-- Data excerpts --

BEGIN

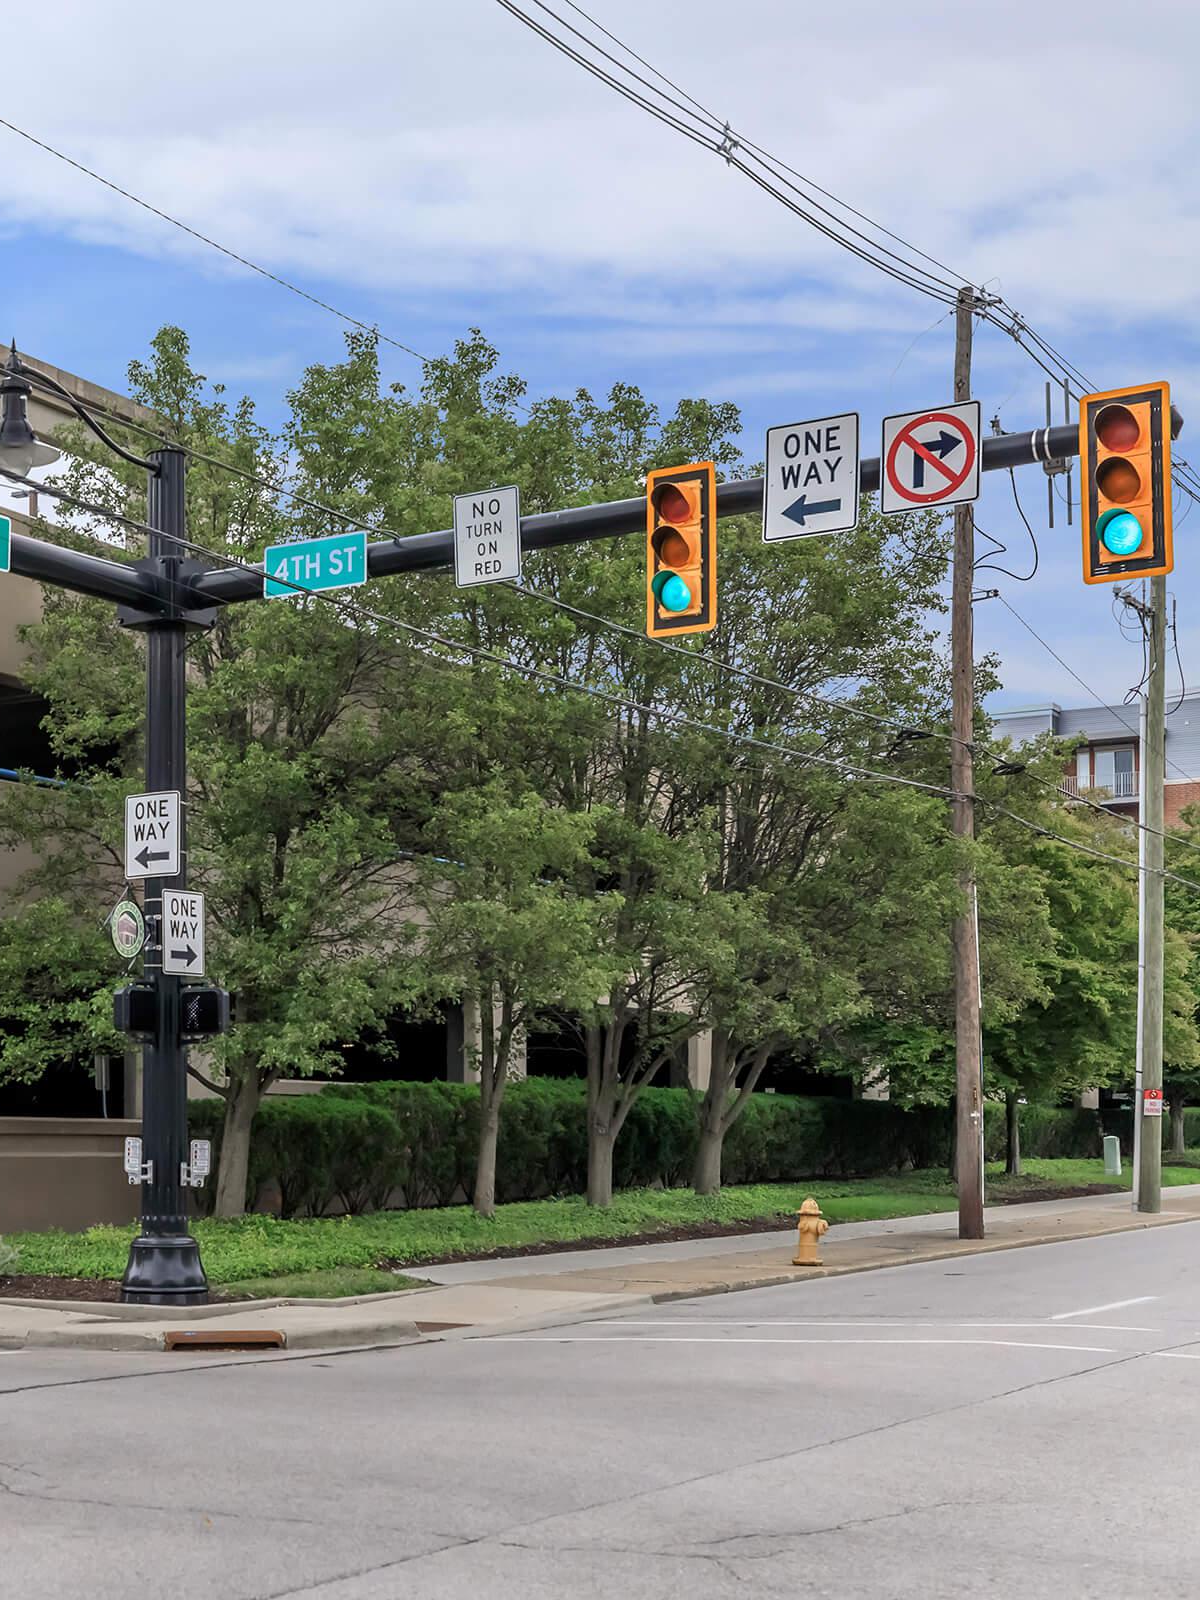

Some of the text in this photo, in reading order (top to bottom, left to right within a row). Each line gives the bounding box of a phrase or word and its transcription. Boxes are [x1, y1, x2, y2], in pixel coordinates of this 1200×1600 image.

[784, 425, 841, 458] ONE
[781, 456, 843, 490] WAY
[472, 498, 500, 519] NO
[465, 520, 502, 539] TURN
[477, 540, 498, 556] ON
[273, 546, 357, 581] 4TH ST
[475, 559, 502, 577] RED
[135, 800, 169, 820] ONE
[134, 821, 170, 842] WAY
[171, 898, 197, 918] ONE
[169, 919, 199, 940] WAY
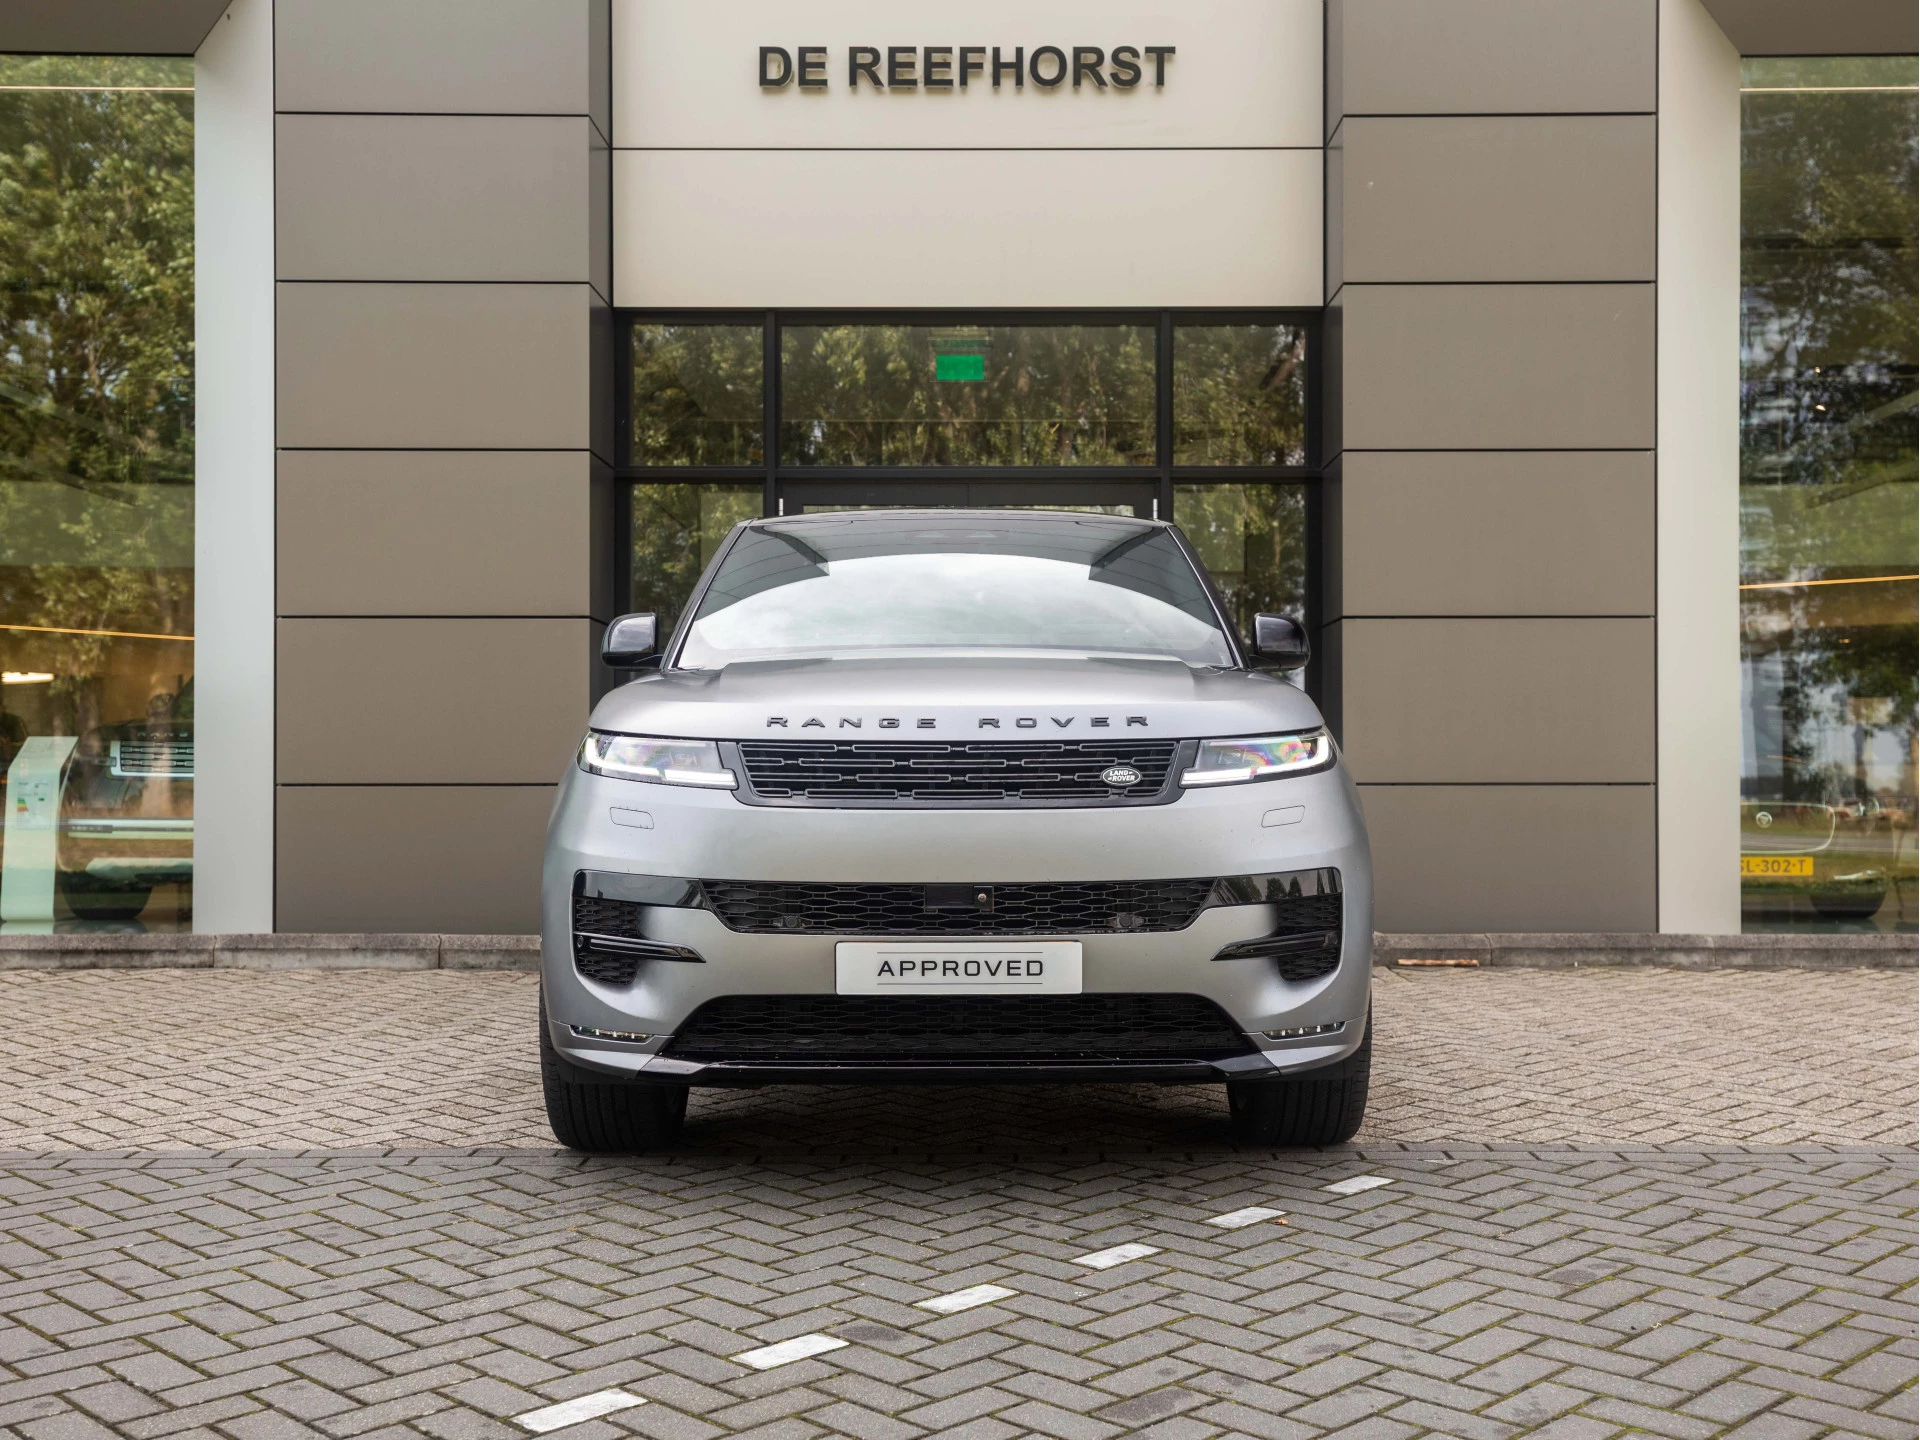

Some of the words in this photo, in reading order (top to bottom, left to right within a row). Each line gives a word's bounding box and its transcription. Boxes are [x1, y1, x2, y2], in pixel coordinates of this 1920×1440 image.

[758, 45, 829, 88] DE
[848, 45, 1177, 88] REEFHORST
[766, 715, 937, 729] RANGE
[978, 715, 1149, 729] ROVER
[877, 960, 1044, 977] APPROVED
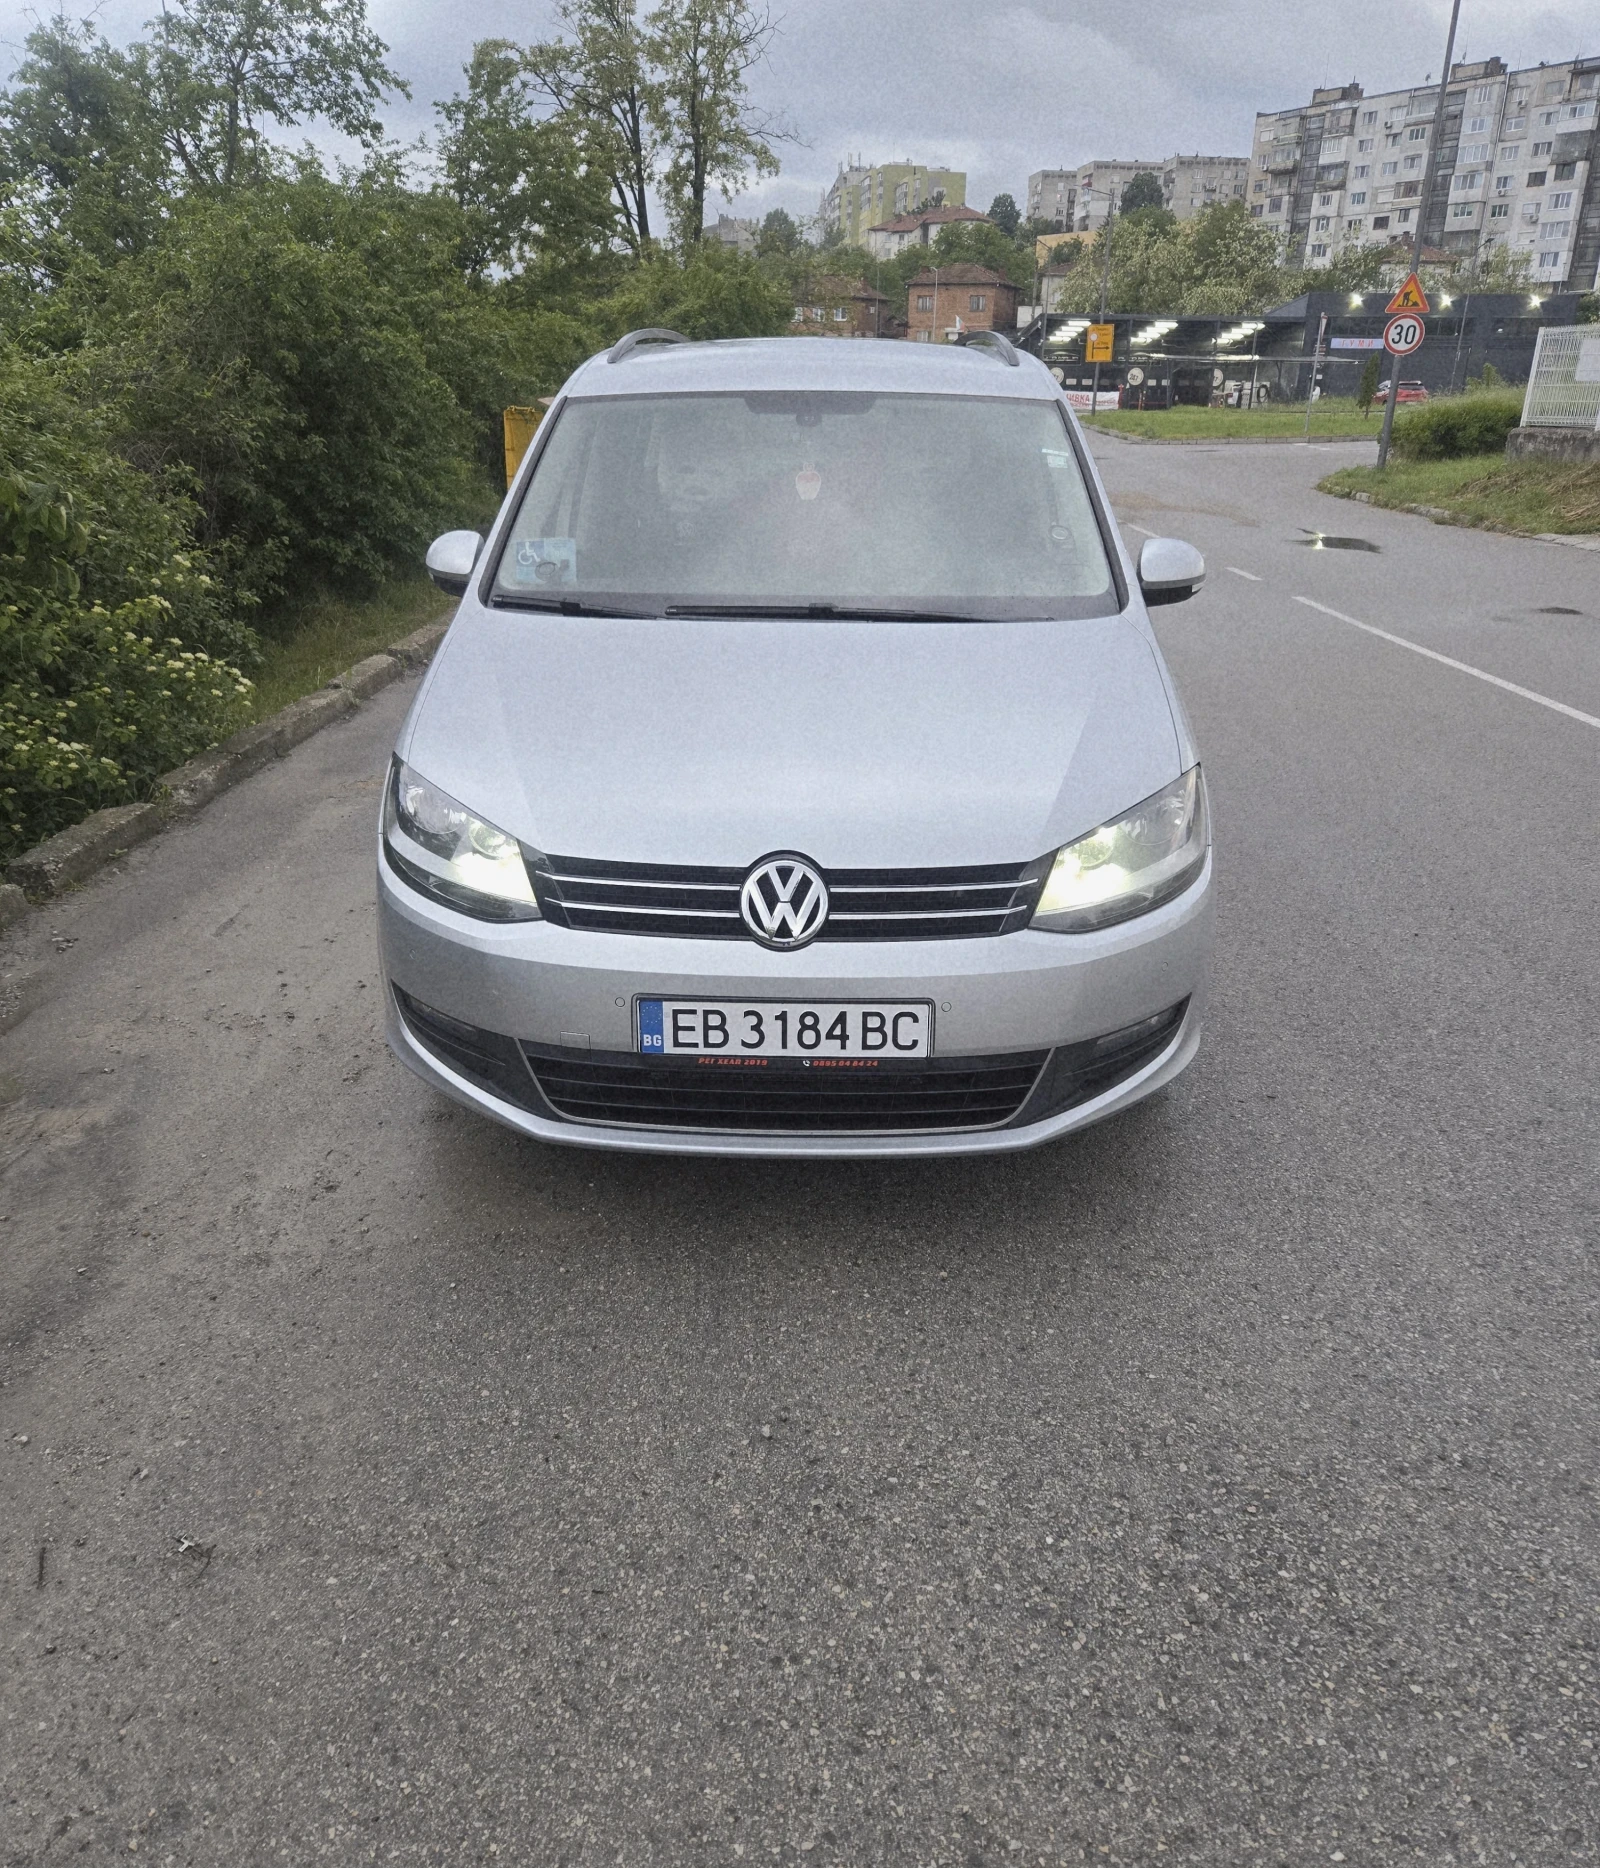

END

-- Task details --
Transcribe the records above exactly as they appear, leaving out any pictures.

-- Solution --
Some of the text in this photo, in reading order (top to bottom, left to right within a row). Each line gives the bounding box of a phrase or word and its transcription. Boxes are [x1, y1, x2, y2], in pixel coordinates of this 1200×1600 image.

[784, 425, 841, 458] ONE
[781, 456, 843, 490] WAY
[472, 498, 500, 519] NO
[465, 520, 502, 539] TURN
[477, 540, 498, 556] ON
[273, 546, 357, 581] 4TH ST
[475, 559, 502, 577] RED
[135, 800, 169, 820] ONE
[134, 821, 170, 842] WAY
[171, 898, 197, 918] ONE
[169, 919, 199, 940] WAY

Some of the words in this photo, in reading order (top to bottom, left to right within a row). Each line gives a word's bounding box and its transcription. Boxes are [x1, y1, x2, y2], in pixel coordinates of this 1920×1440 image.

[758, 45, 829, 88] DE
[848, 45, 1177, 88] REEFHORST
[766, 715, 937, 729] RANGE
[978, 715, 1149, 729] ROVER
[877, 960, 1044, 977] APPROVED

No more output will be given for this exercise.